Today I saw a crow on a white birch. The tree had no leaves, and the sun fell on its top branches. I wondered if crows can see colors and if they feel the warmth of the sun.
Today I felt cold and I digged in my closet for a sweater. I looked at the thermometer and saw summer pack its things and leave. I dreamed about living in a place where it is always warm and cloudy.
Today I saw a high school couple kissing. They held each other like they were the most precious, fragile thing. I smiled and turned away and hoped they were happy.
Today I watched a maple samara dance in the wind. It soared and swirled for minutes, as if the life it carried inside had somehow found a way to express its joy.
Today I saw a black crow on a white birch. The tree was dead, bereft of leaves. The sun fell on its top branches, suspending the morning up high where I couldn’t reach it. I wondered if crows ever have nightmares in which they are falling and they can’t move their wings.
Today I felt cold and I remembered fear.

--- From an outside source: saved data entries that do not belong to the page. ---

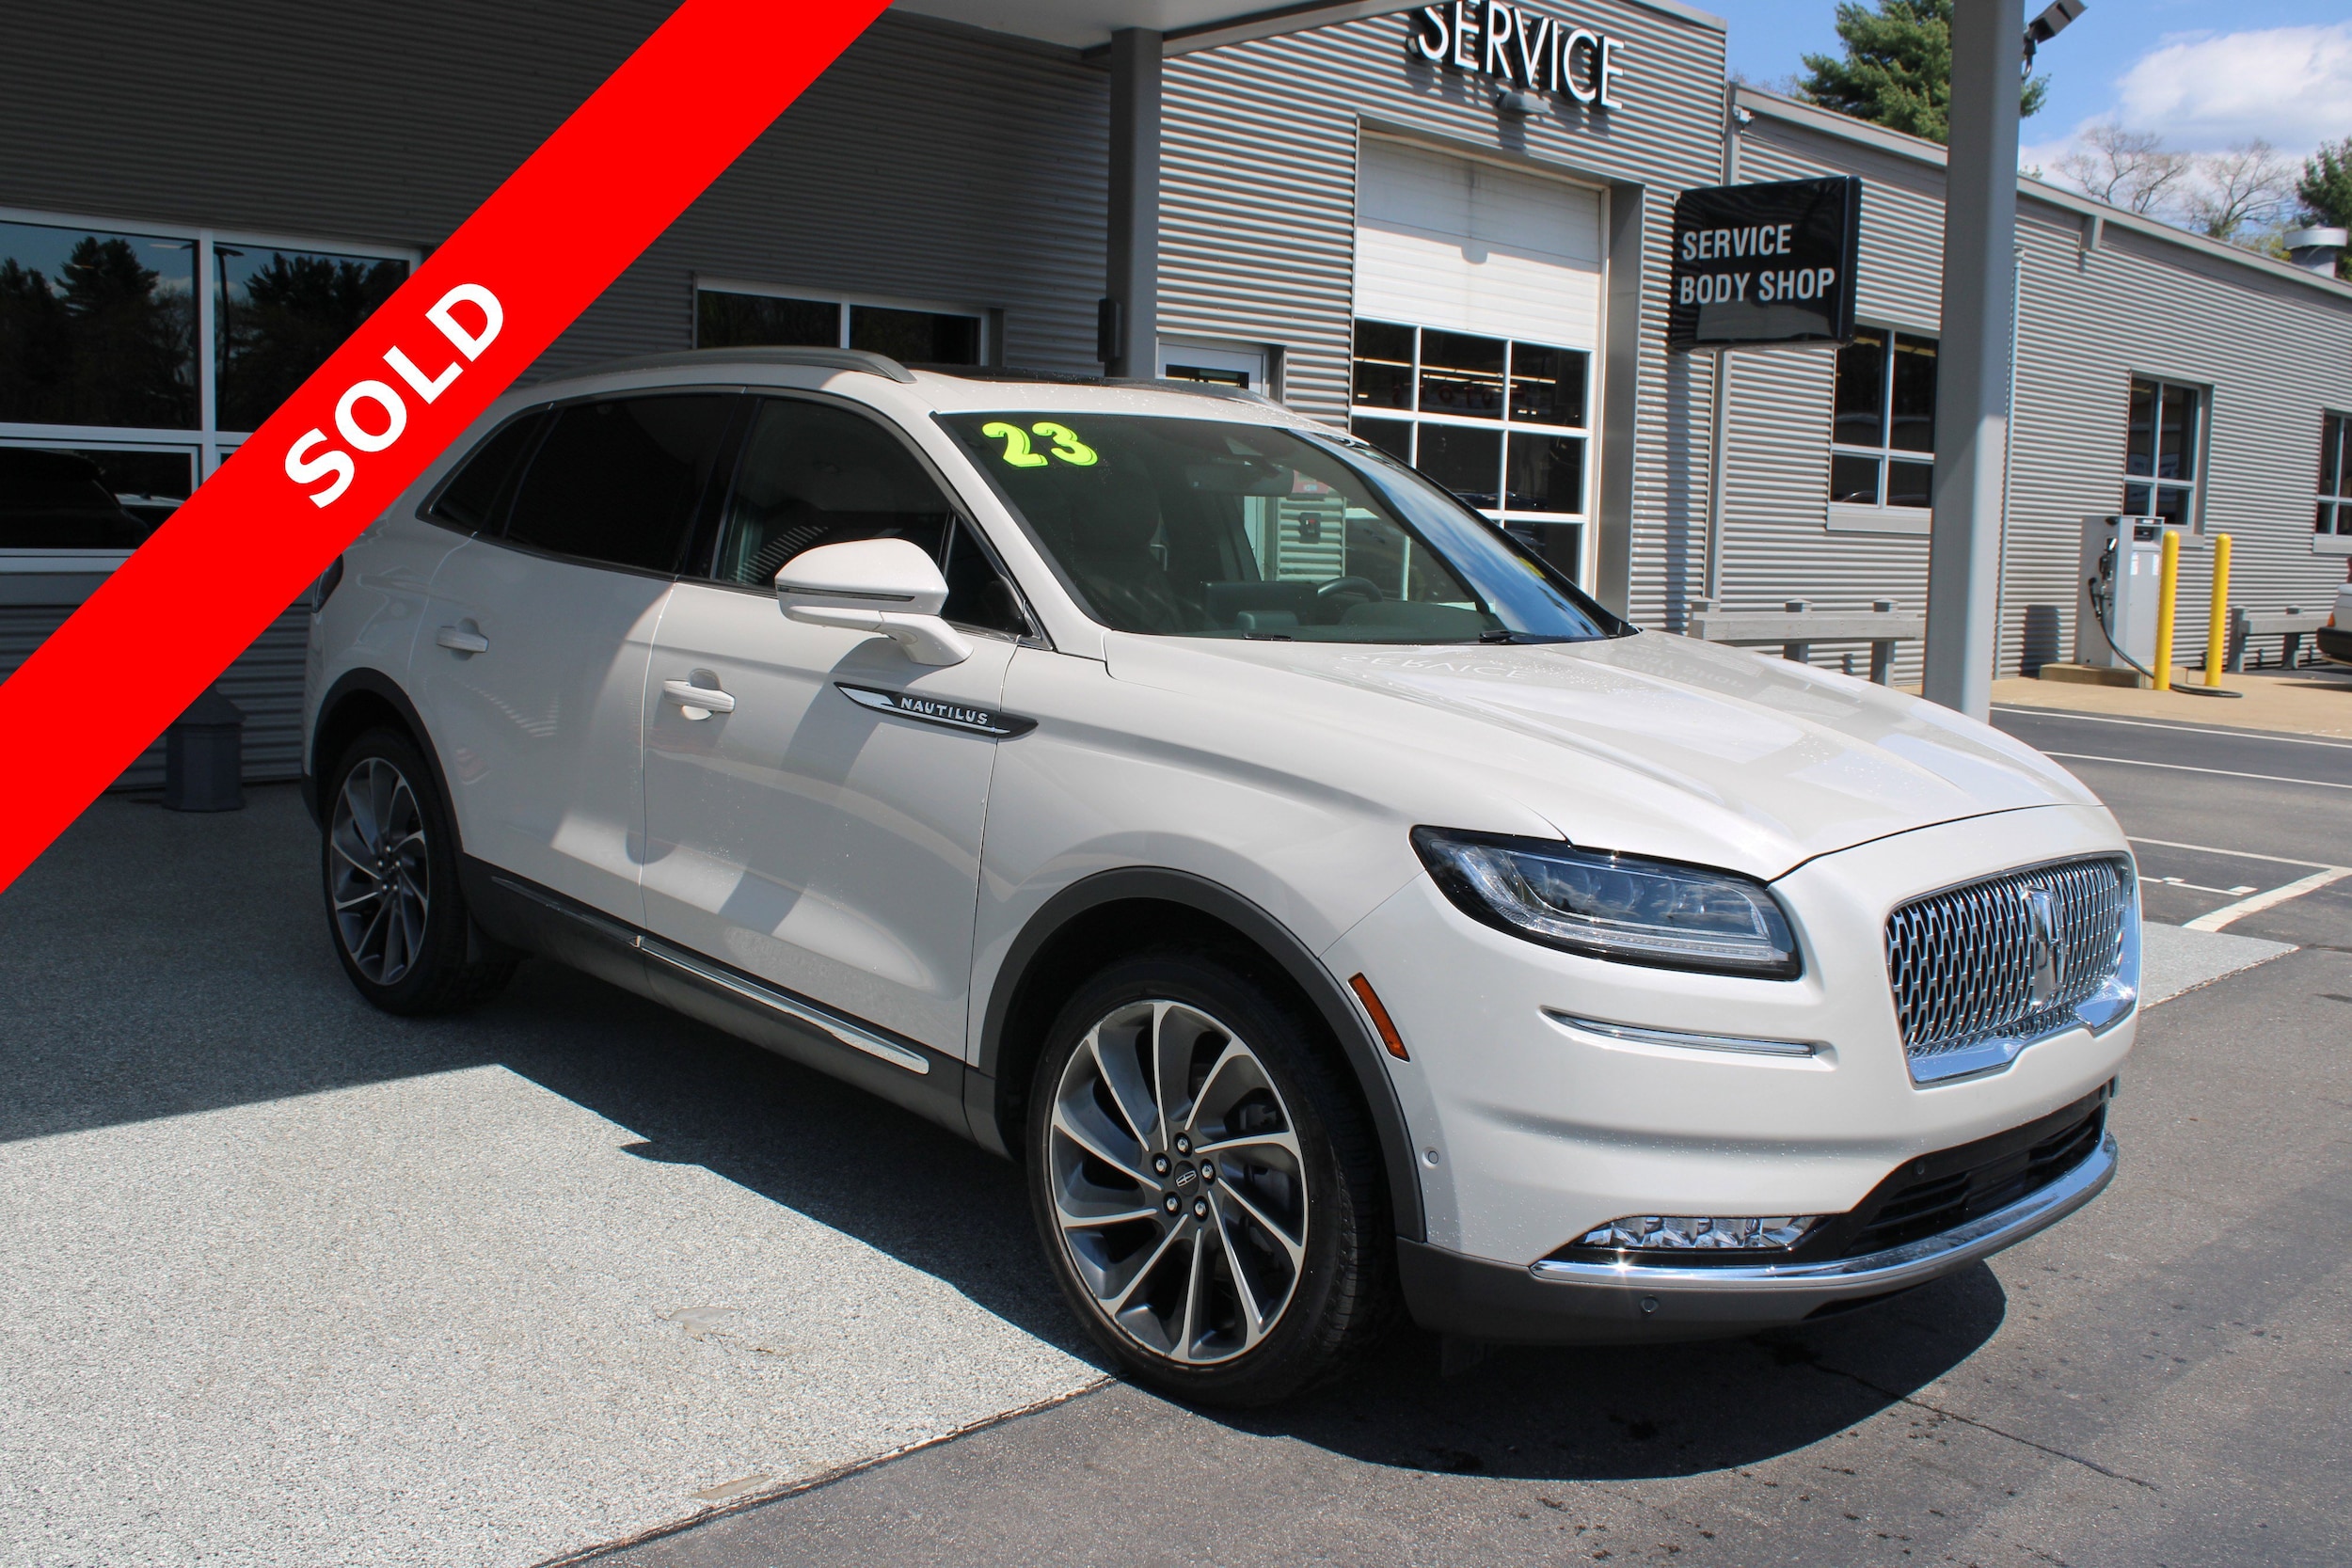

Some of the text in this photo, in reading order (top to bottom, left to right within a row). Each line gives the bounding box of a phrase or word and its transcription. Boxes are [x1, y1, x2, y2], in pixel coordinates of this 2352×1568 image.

[1413, 0, 1626, 110] SERVICE
[1681, 223, 1793, 261] SERVICE
[1679, 267, 1836, 306] BODY SHOP
[981, 420, 1099, 467] 23
[900, 697, 989, 725] NAUTILUS
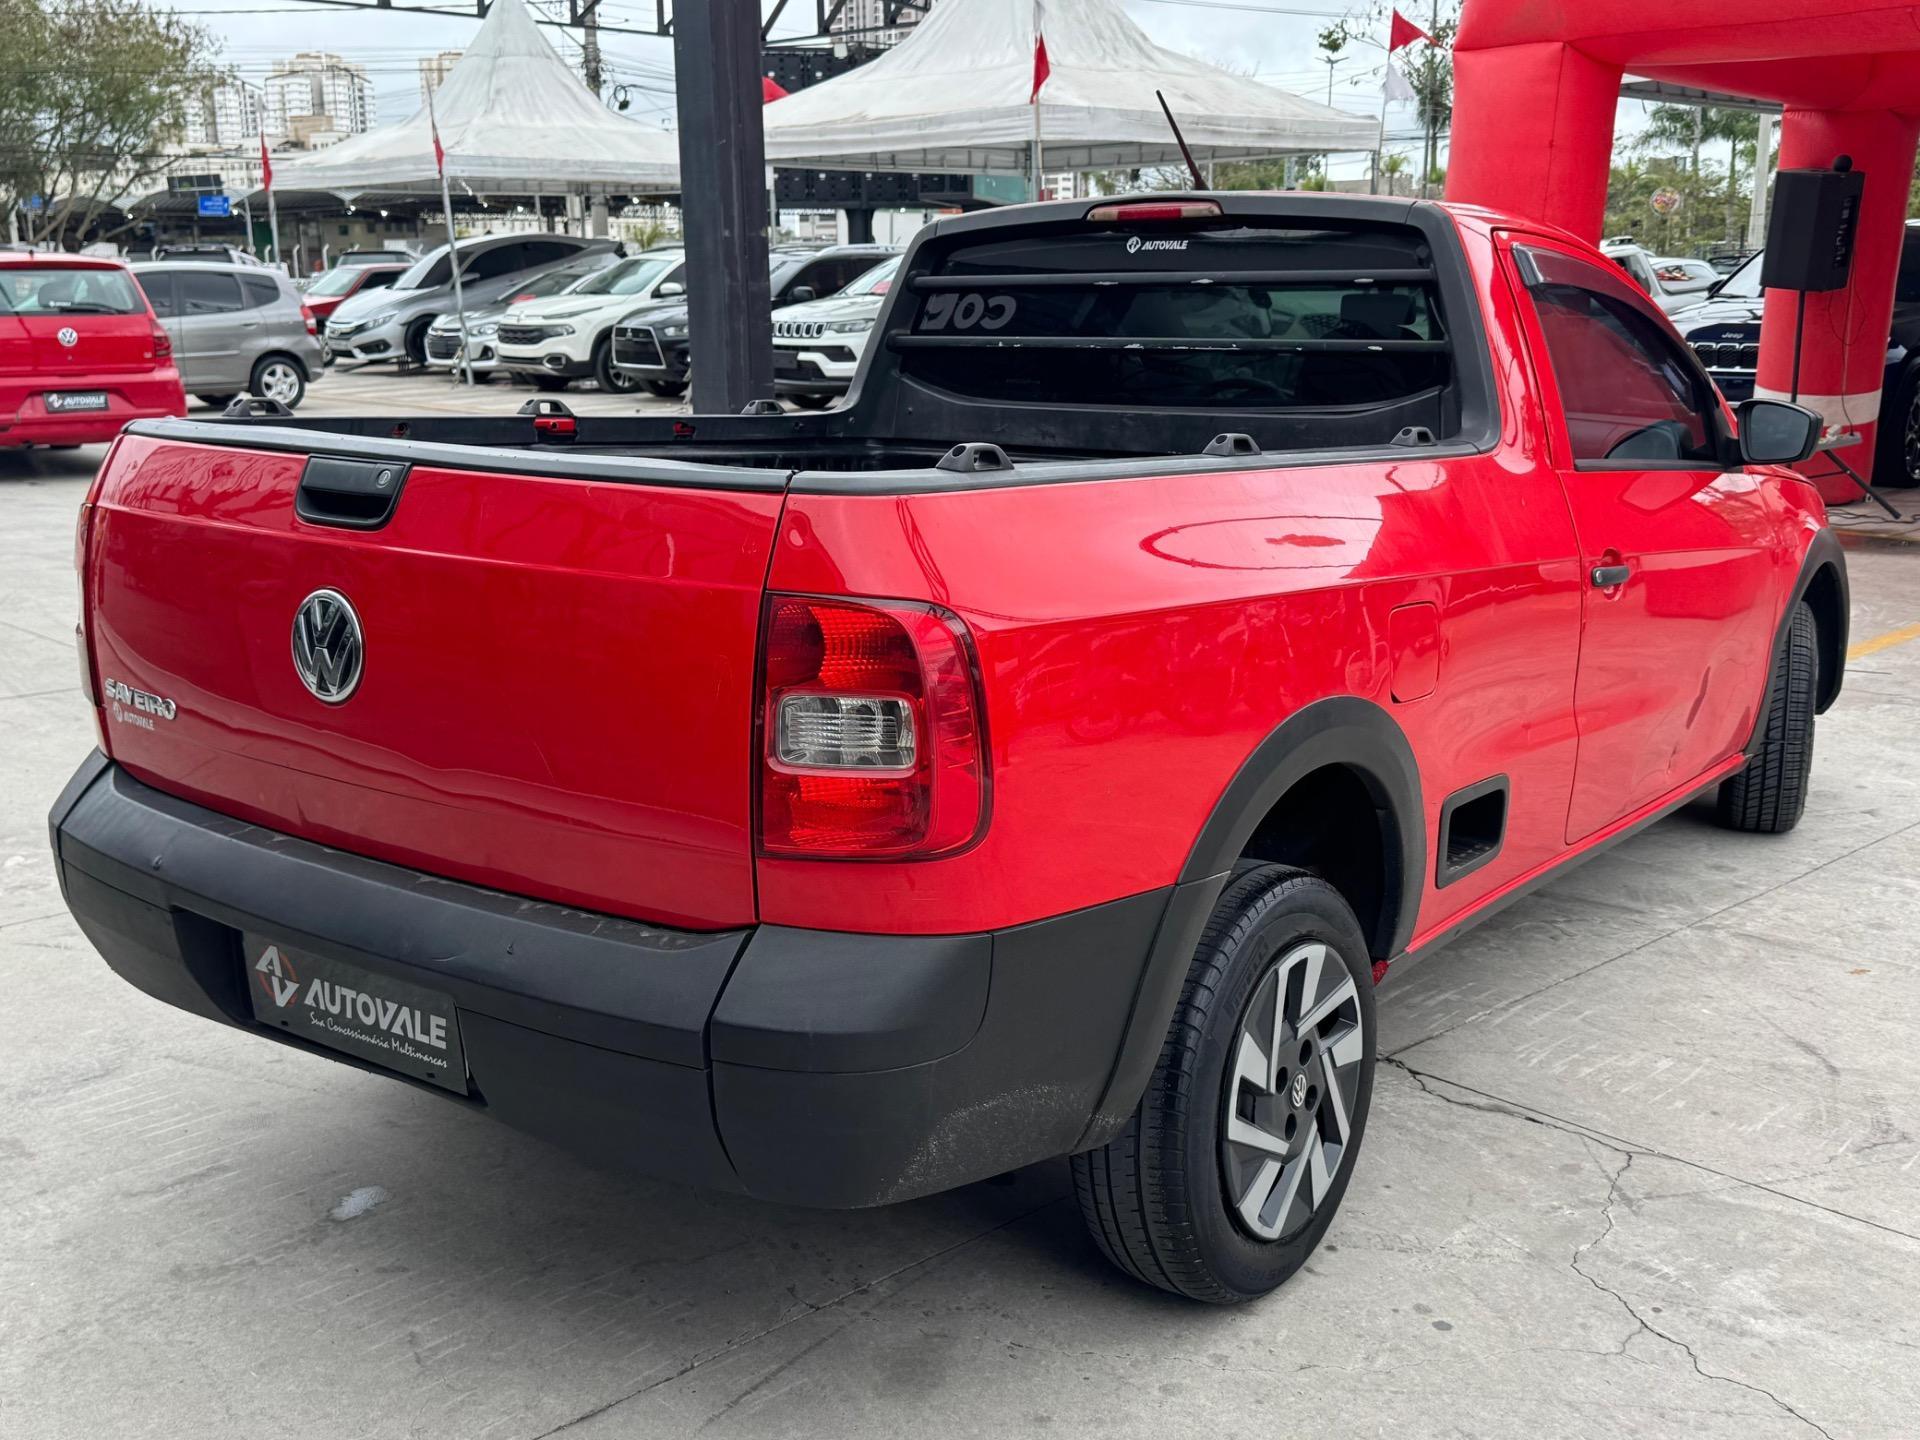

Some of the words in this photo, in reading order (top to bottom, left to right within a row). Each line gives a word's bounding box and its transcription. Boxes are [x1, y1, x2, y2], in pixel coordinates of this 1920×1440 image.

[1141, 240, 1188, 250] AUTOVALE
[64, 395, 106, 405] AUTOVALE
[105, 678, 177, 720] SAVEIRO
[304, 978, 447, 1049] AUTOVALE
[310, 1011, 325, 1027] Sua
[391, 1038, 447, 1068] Multimarcas
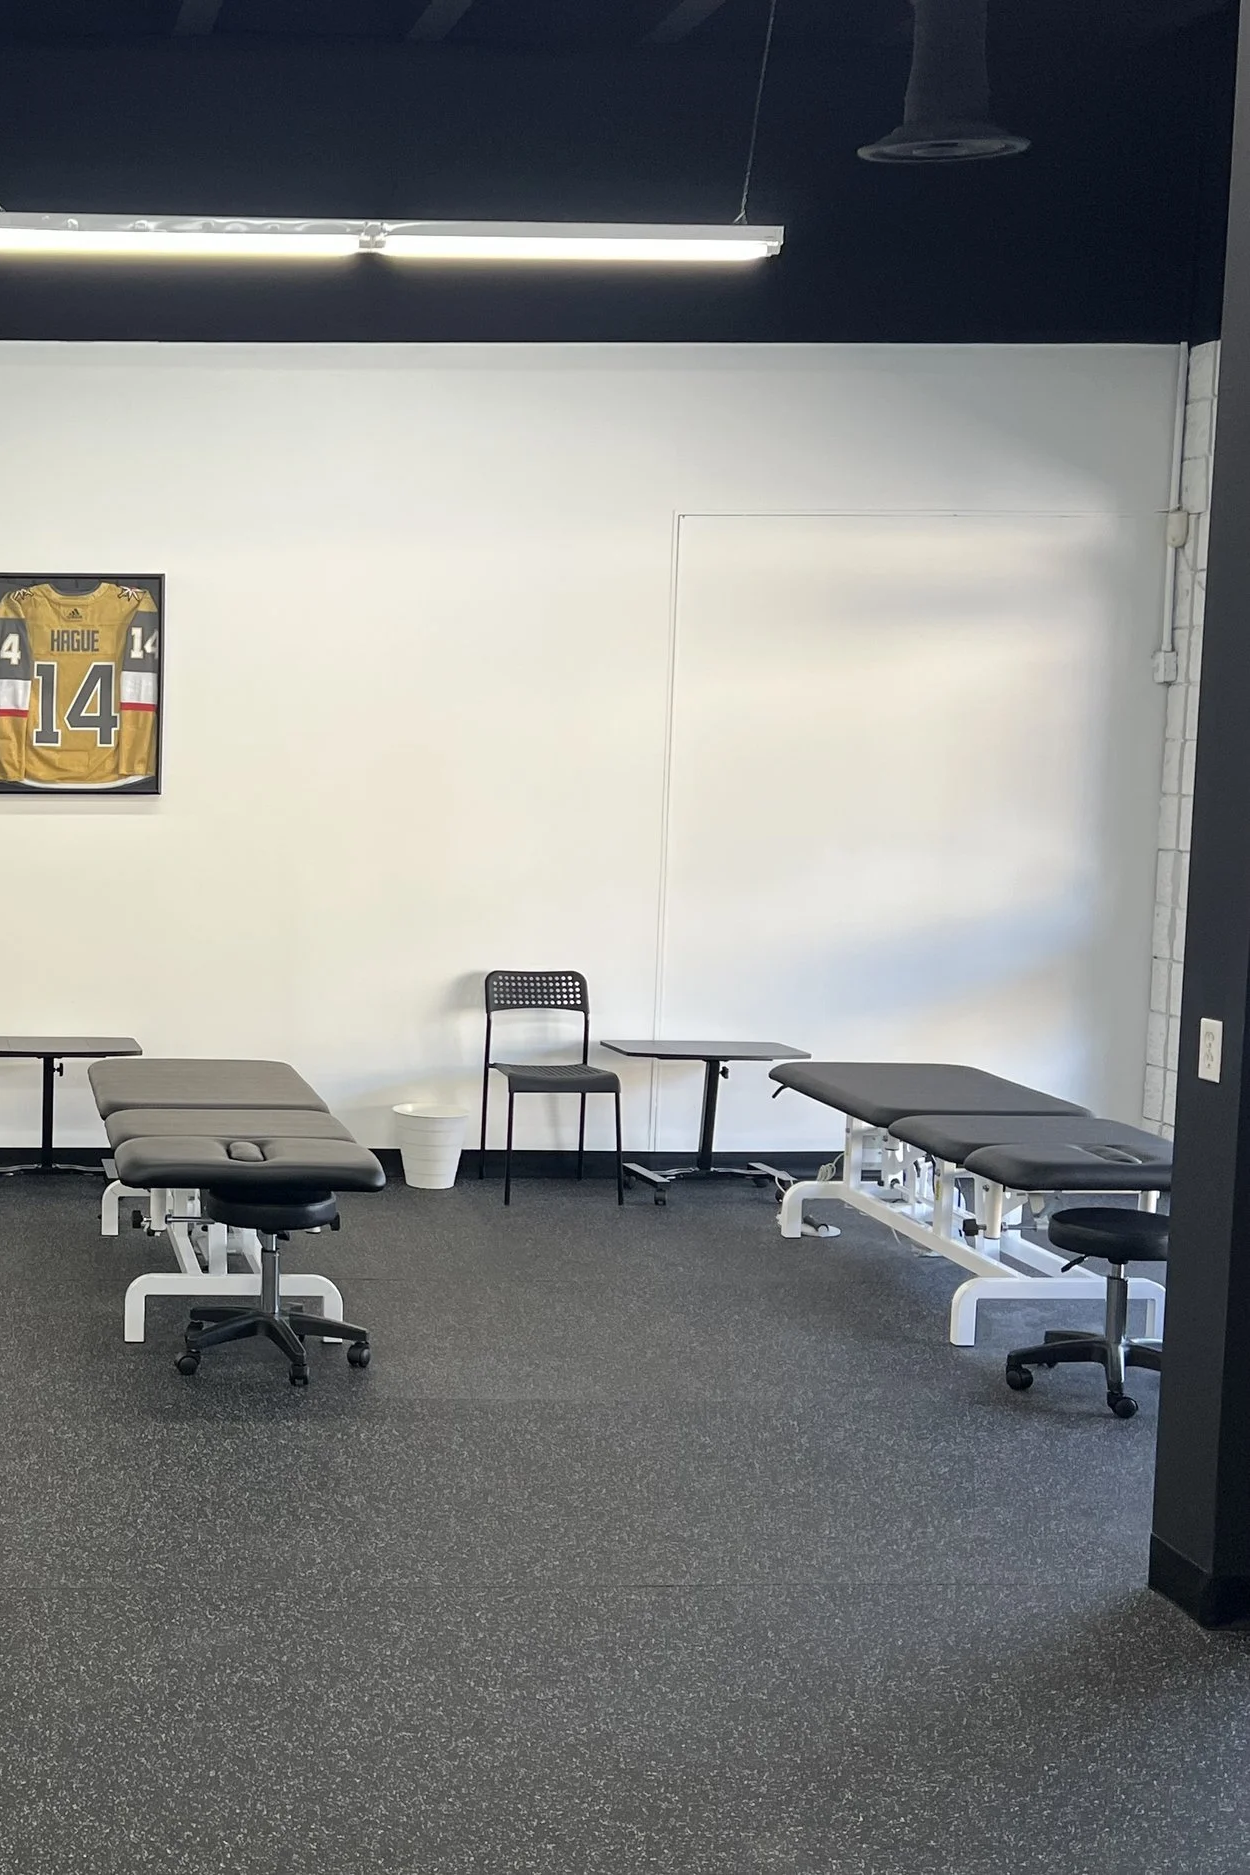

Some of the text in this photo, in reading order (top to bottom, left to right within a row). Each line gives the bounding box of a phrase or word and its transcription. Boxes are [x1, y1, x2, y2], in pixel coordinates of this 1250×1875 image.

[51, 629, 99, 652] HAGUE
[130, 626, 159, 660] 14
[33, 661, 120, 747] 14

I looked at the thermometer and saw summer betray me. I told myself that when the sun is tired, it lets the cold burn us instead.
Today I saw a high school couple kissing. Checkered tights and a buzz cut were imitating what they thought they should be feeling. I smirked and turned away and wondered why some people even bother.
Today I watched a maple samara swirl madly in the wind, and I wondered if the seed inside felt nausea.